UNITED NATIONS, KOMPAS.com - Sekjen PBB Ban Ki-moon terkejut dengan penangkapan Sarath Fonseka, mantan kandidat presiden Sri Lanka yang kalah dalam pemilu Januari lalu. Ia meminta kepada pemerintah setempat agar menjamin keselamatannya.
Juru bicara PBB Nesirky Martin mengatakan, Sekjen Ban terus mengikuti perkembangan di Sri Lanka dengan prihatin.
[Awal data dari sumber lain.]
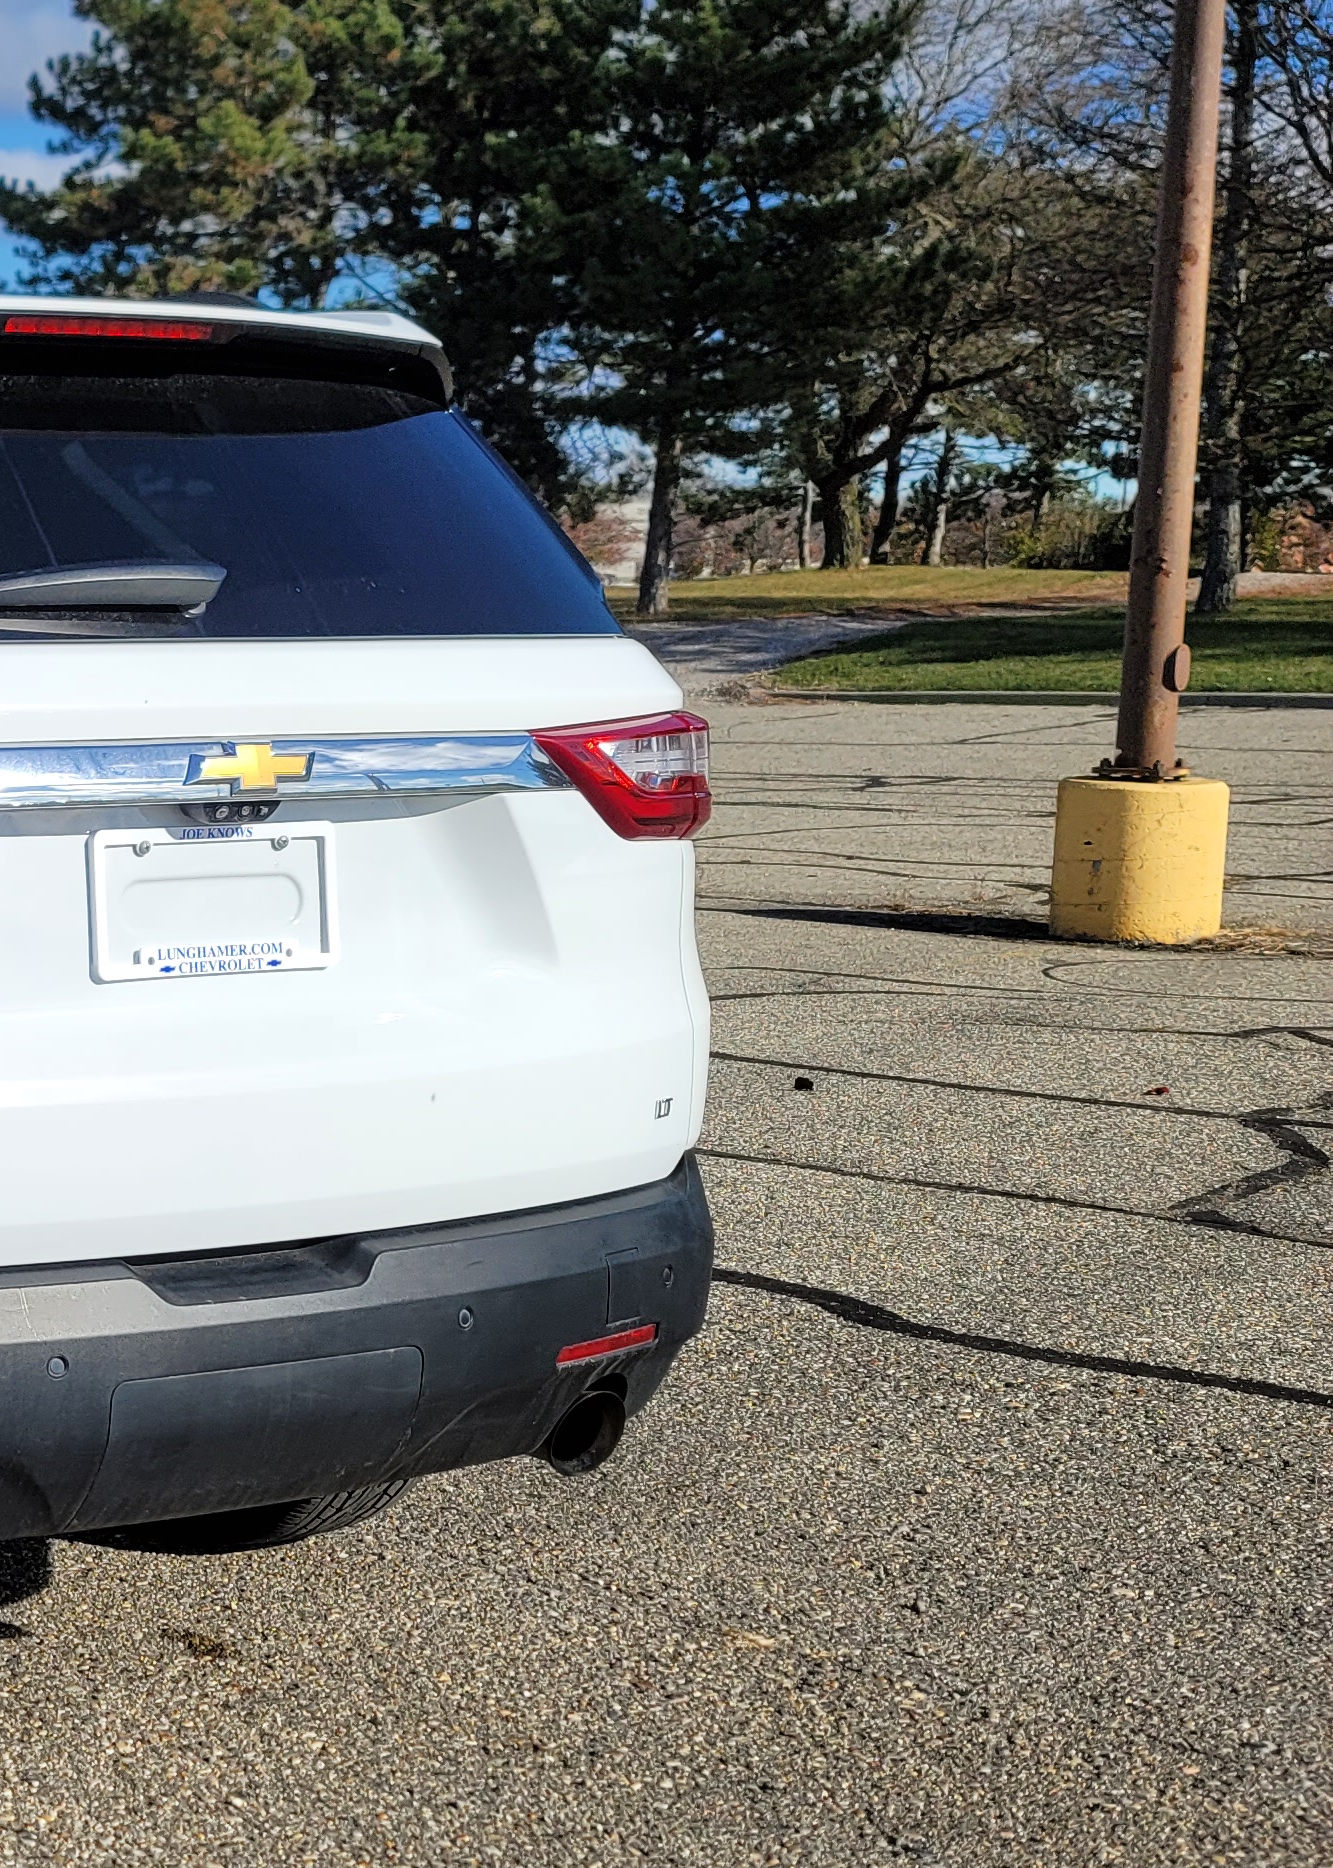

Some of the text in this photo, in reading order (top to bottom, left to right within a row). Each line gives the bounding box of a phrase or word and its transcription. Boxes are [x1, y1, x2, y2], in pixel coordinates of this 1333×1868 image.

[180, 826, 253, 840] JOE KNOWS
[157, 941, 283, 961] LUNGHAMER.COM
[178, 957, 264, 974] CHEVROLET
Oleh karena itu, ia mendesak agar pihak berwenang di Kolombo menjalankan proses hukum yang adil dan menyediakan semua perlindungan yang diperlukan (untuk Fonseka) dan jaminan kepada keselamatan.
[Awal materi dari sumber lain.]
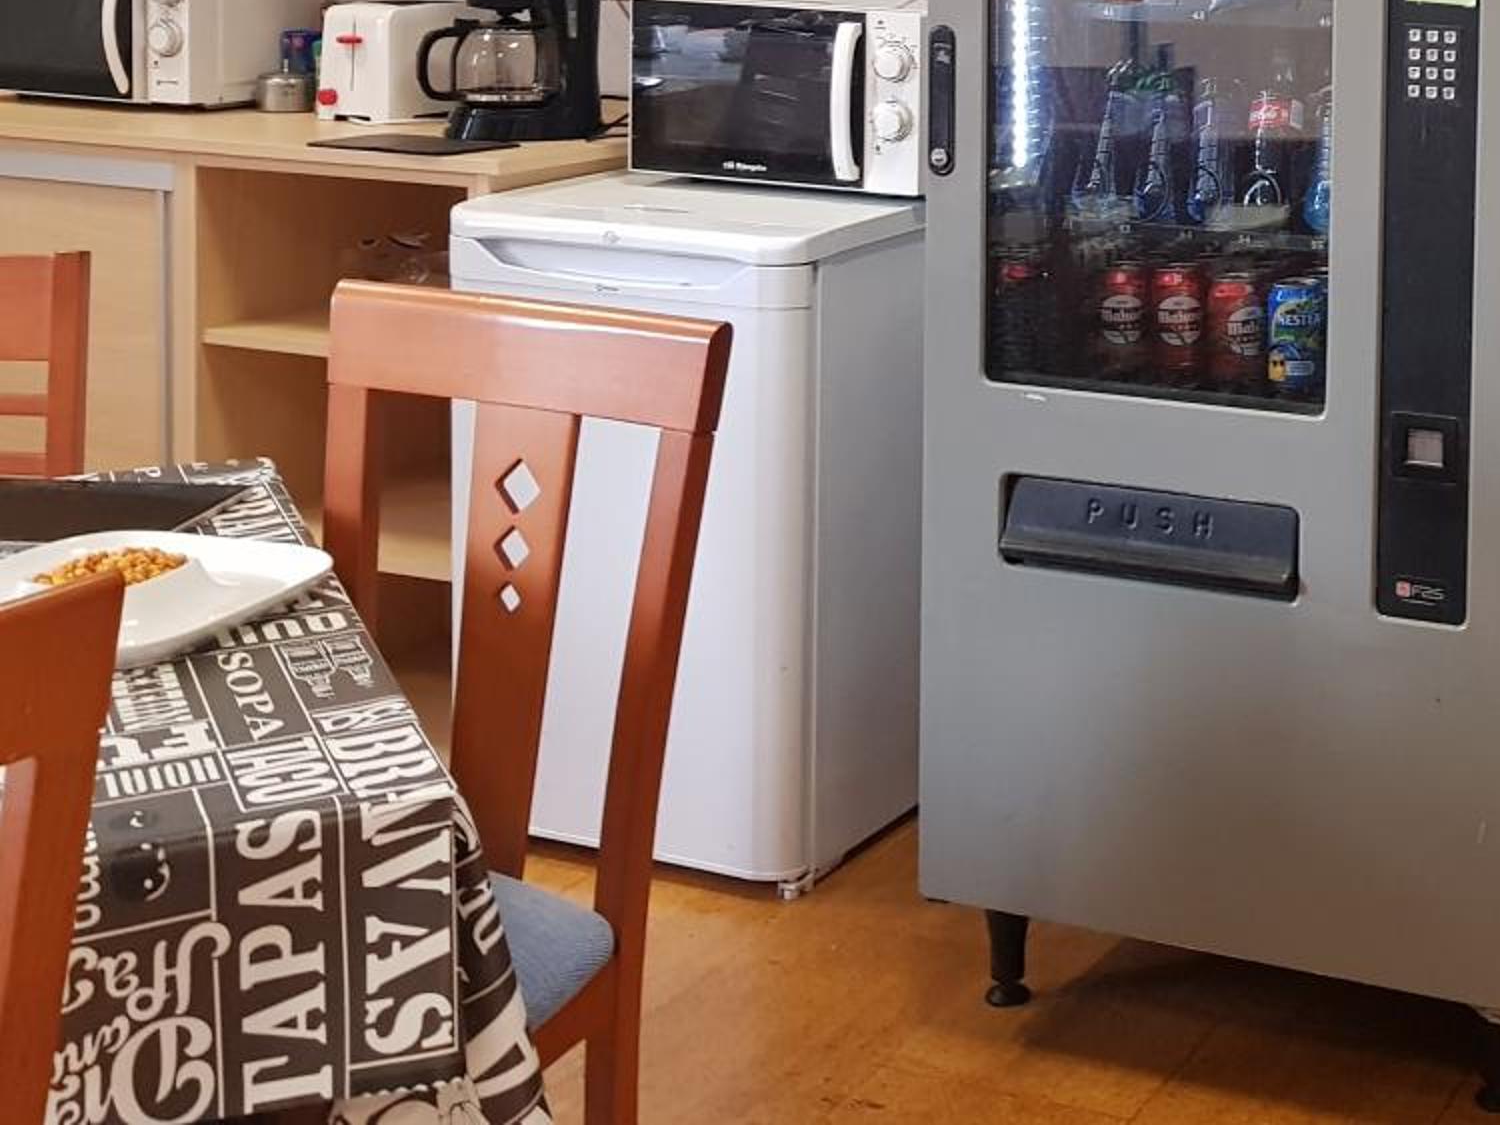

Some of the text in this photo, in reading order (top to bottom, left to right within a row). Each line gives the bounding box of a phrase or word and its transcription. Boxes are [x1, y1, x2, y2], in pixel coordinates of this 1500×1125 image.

[1085, 497, 1216, 541] PUSH
[217, 651, 285, 742] SOPA
[237, 808, 333, 1115] TAPAS
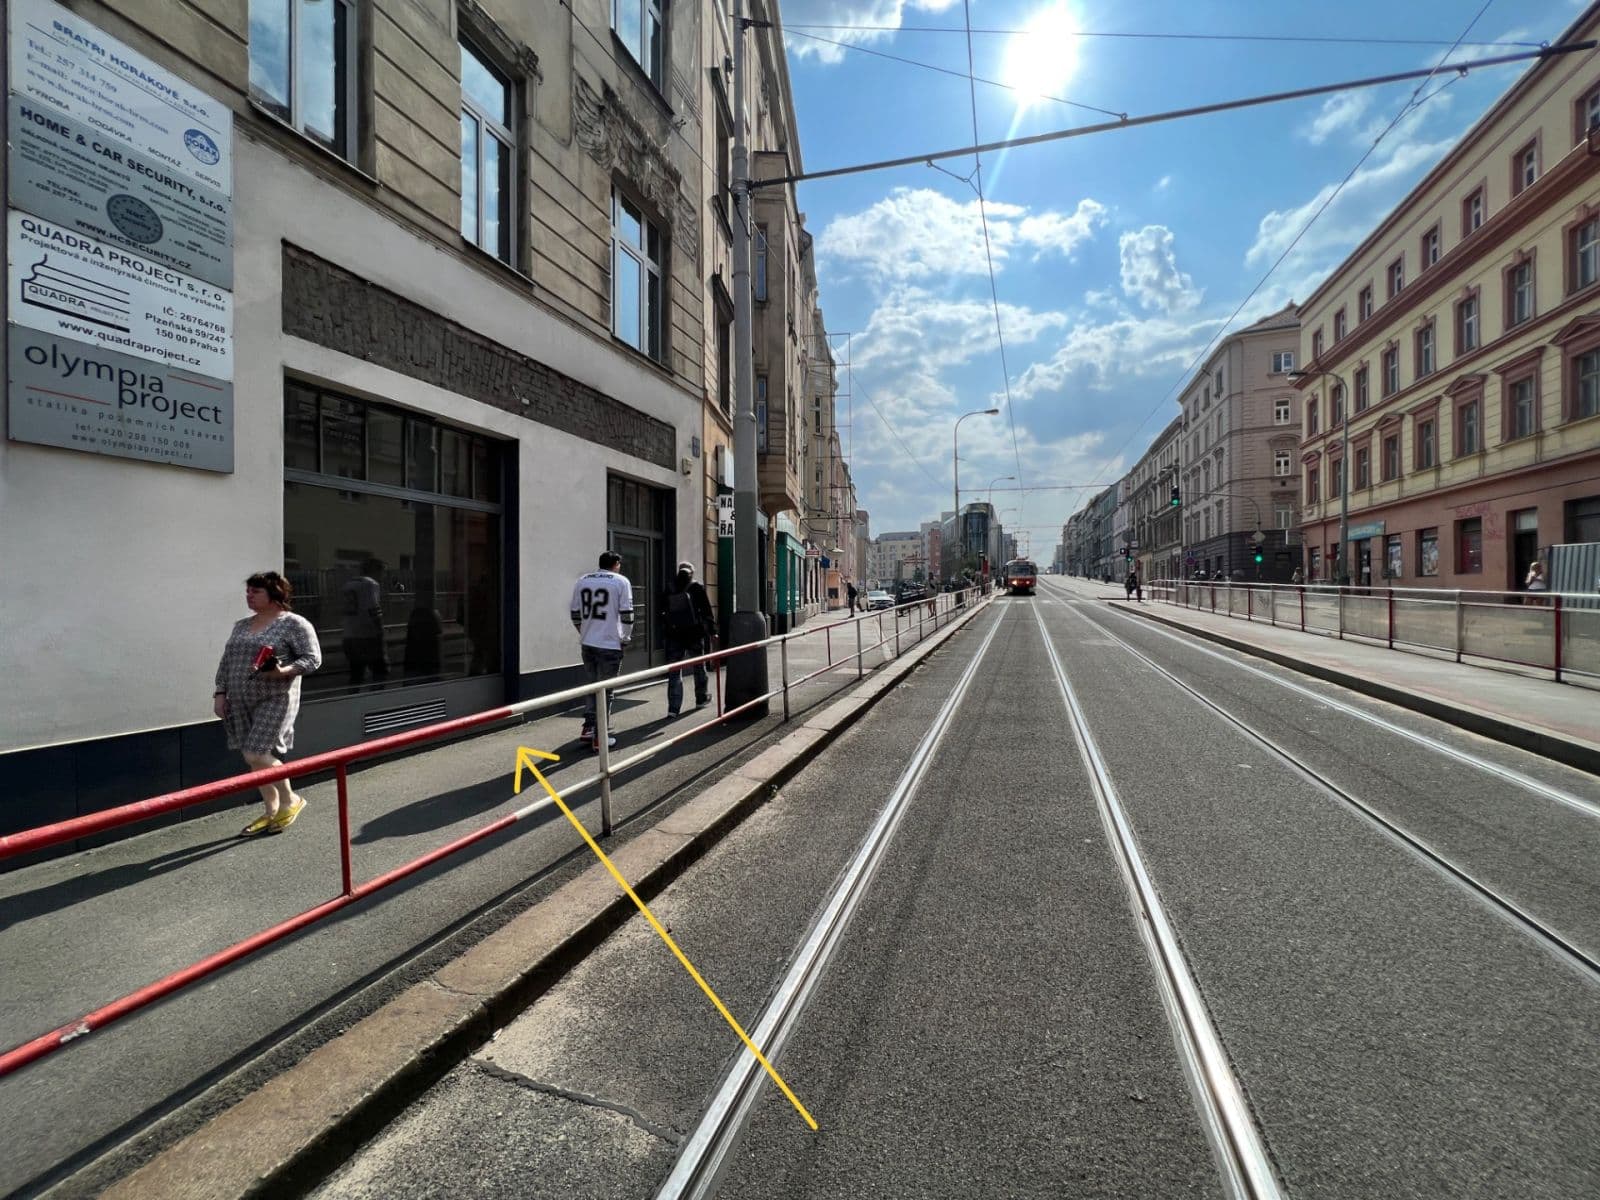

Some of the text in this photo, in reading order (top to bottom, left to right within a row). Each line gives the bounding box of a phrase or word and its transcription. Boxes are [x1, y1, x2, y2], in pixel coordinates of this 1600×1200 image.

[19, 104, 70, 140] HOME
[74, 131, 86, 147] &
[91, 139, 122, 165] CAR
[126, 156, 195, 201] SECURITY,
[199, 194, 226, 215] s.r.o.
[20, 216, 104, 259] QUADRA
[108, 249, 184, 289] PROJECT
[20, 231, 80, 261] Projektová
[82, 255, 88, 263] a
[89, 256, 142, 284] inženýrská
[143, 276, 176, 295] činnost
[177, 290, 188, 299] ve
[27, 282, 87, 310] QUADRA
[57, 316, 201, 368] www.quadraproject.cz
[144, 310, 225, 345] Plzeňská 59/247
[155, 326, 226, 356] 150 00 Praha 5
[24, 343, 163, 393] olympia
[25, 395, 88, 416] statika
[118, 385, 223, 425] project
[720, 497, 733, 508] NA
[720, 519, 734, 536] ŘA
[581, 587, 609, 621] 82
Menurut Nesirky, sekjen PBB direncanakan akan berbicara langsung dengan Presiden Mahinda Rajapakse terkait kasus ini.
Seperti diwartakan sebelumnya, Selasa lalu Fonseka ditangkap lantaran diduga akan bersekongkol melawan pemerintah. Ia dianggap berkomplot dengan para politisi oposisi sementara ia masih menjadi kepala tentara. Oleh karena itu, Fonseka akan diadili secara militer
Nesirky mengatakan Ban menggarisbawahi pentingnya menjamin iklim politik yang positif untuk kepentingan perdamaian, stabilitas dan rekonsiliasi. Fonseka (59) satu-satunya jenderal tentara bintang empat di Sri Lanka yang mundur dari jabatannya dan bersaing dengan Rajapakse dalam pemilu guna meebut kursi presiden.